チベットは観音菩薩と特別なつながりのある場所として知られています。そして私は、観音菩薩に加護されている、カルマと祈願によって観音菩薩との絆で結ばれている人間です。私は、仏法とチベット文化の繁栄のために尽力し、それによって得られた功徳を観音菩薩の修行を通して廻向しています。チベット人とチベットの大義のために、私はあと20年は生きるつもりでいます」

「私は毎日、菩提心と空に瞑想し、その結果、心が安らぎ、身体も健康になりました。菩提心を育むことは私の主な修行です。この修行によって不安や恐怖から解放され、心の強さがもたらされています。皆さんも、観音菩薩に加護されていることを確信し、菩提心を育むために懸命に努力してください」

長寿祈願法要の儀式で、参列者に向かって話をされるダライ・ラマ法王。2022年10月26日、インド、ヒマーチャル・プラデーシュ州ダラムサラ(撮影:テンジン・チュンジョル / 法王庁)

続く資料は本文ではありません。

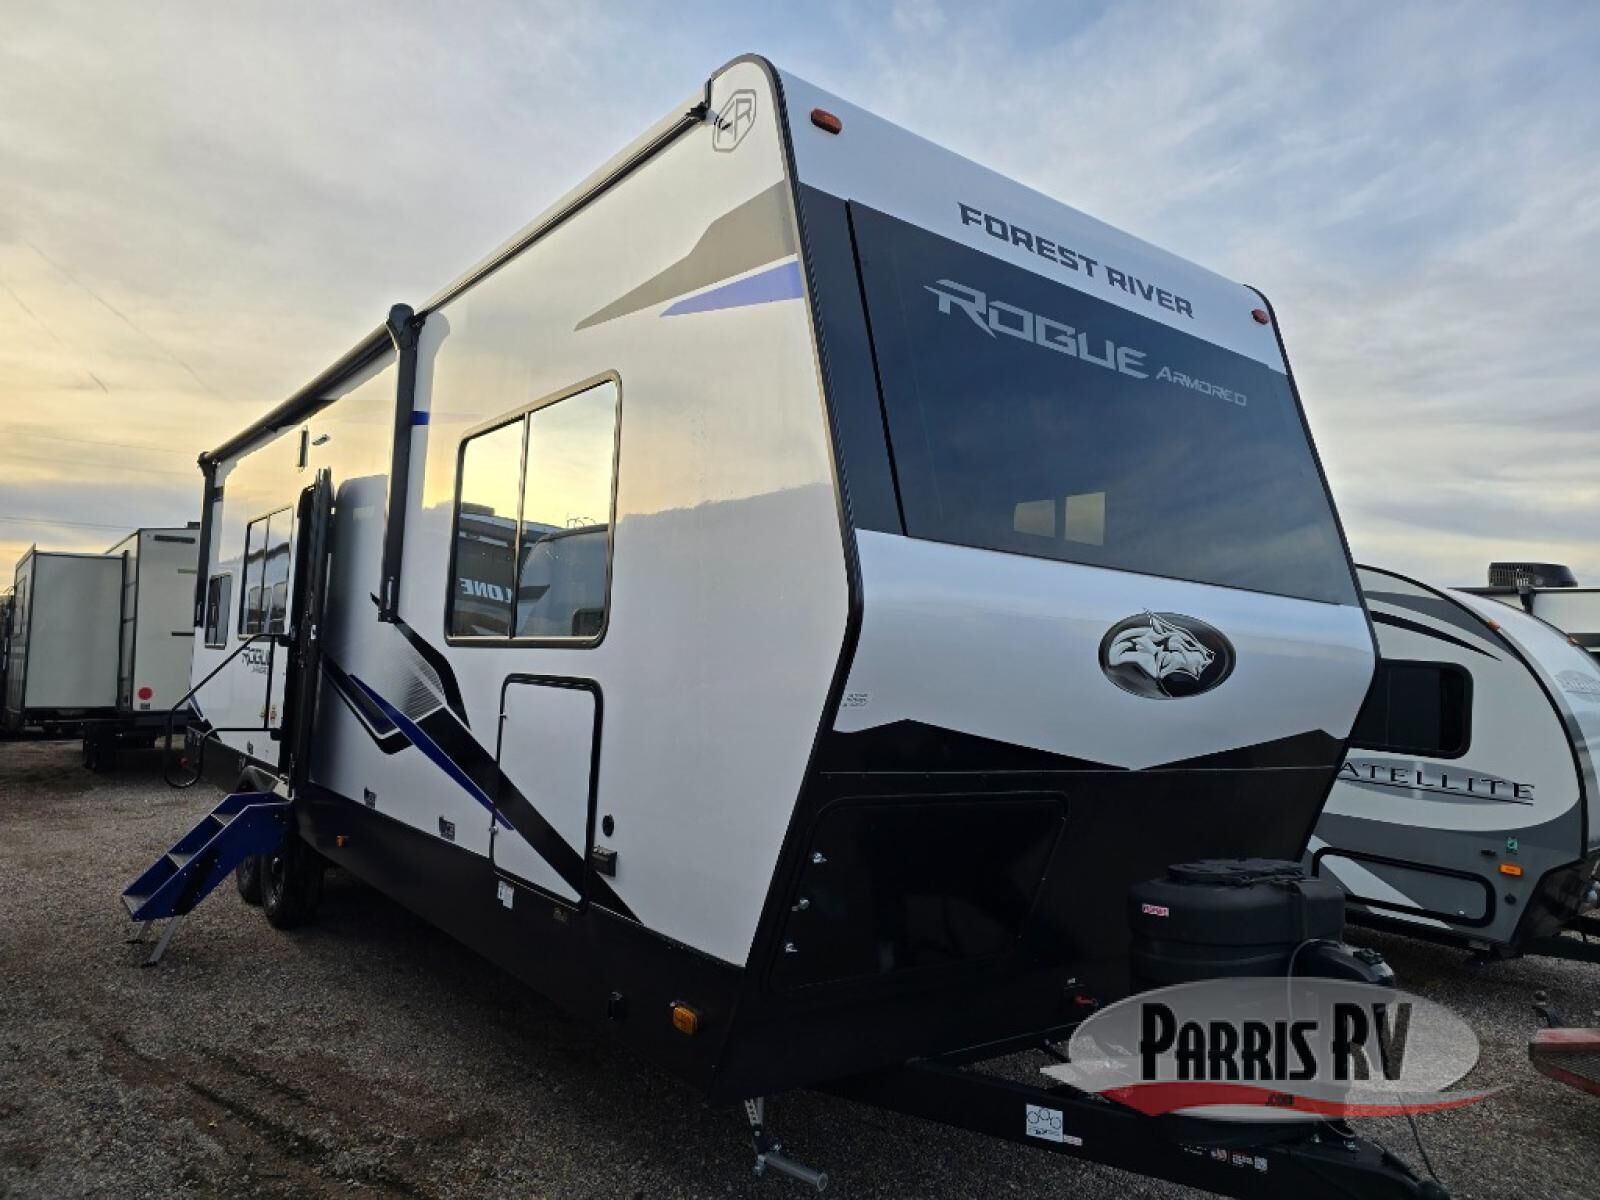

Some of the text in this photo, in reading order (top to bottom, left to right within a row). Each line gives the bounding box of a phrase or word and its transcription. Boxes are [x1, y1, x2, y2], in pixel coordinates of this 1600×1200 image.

[957, 202, 1195, 320] FOREST RIVER
[923, 279, 1248, 407] ROGUE ARMORED
[1337, 761, 1536, 801] ATELLITE

「私は歳をとりましたが、まだ話すことができます。今生で私と縁のある人々は、これから何生にもわたり、悟りを開くまで観音菩薩から見守られることでしょう」

続いて法王は、『精神的導師と観音菩薩の不離』という成就法の口頭伝授を行われた。これは、何年も前に、シャンカワ・ギュルメ・ソナム・トブギャル内閣副大臣が、法王に真摯な敬信の念と供物を捧げて、「観音菩薩と法王が不離一体であることについての簡潔で完全な成就法をお書きください」と請願したことを受けて、法王が著されたテキストである。

最後に法王は、「私はこの人生を有意義なものにしました。そしてこれからも、私のこの努力を続けていくと決意しています。チベット問題は解決するでしょう」と述べられた。

締めくくりに『仏法興隆の祈願文』と『真実の言葉』が唱えられ、法要が完結した。